▶ _Material to process_:

___

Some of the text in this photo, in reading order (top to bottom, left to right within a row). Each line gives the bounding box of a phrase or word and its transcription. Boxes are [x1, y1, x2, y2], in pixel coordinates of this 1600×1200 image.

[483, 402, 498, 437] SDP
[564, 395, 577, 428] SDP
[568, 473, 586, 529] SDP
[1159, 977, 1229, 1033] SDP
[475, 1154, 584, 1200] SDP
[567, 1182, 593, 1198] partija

___

▶ _Instructions for the task_: Reproduce each line of the material above precisely.

▶ _Solution to the exercise_:
Some of the text in this photo, in reading order (top to bottom, left to right within a row). Each line gives the bounding box of a phrase or word and its transcription. Boxes are [x1, y1, x2, y2], in pixel coordinates of this 1600×1200 image.

[483, 402, 498, 437] SDP
[564, 395, 577, 428] SDP
[568, 473, 586, 529] SDP
[1159, 977, 1229, 1033] SDP
[475, 1154, 584, 1200] SDP
[567, 1182, 593, 1198] partija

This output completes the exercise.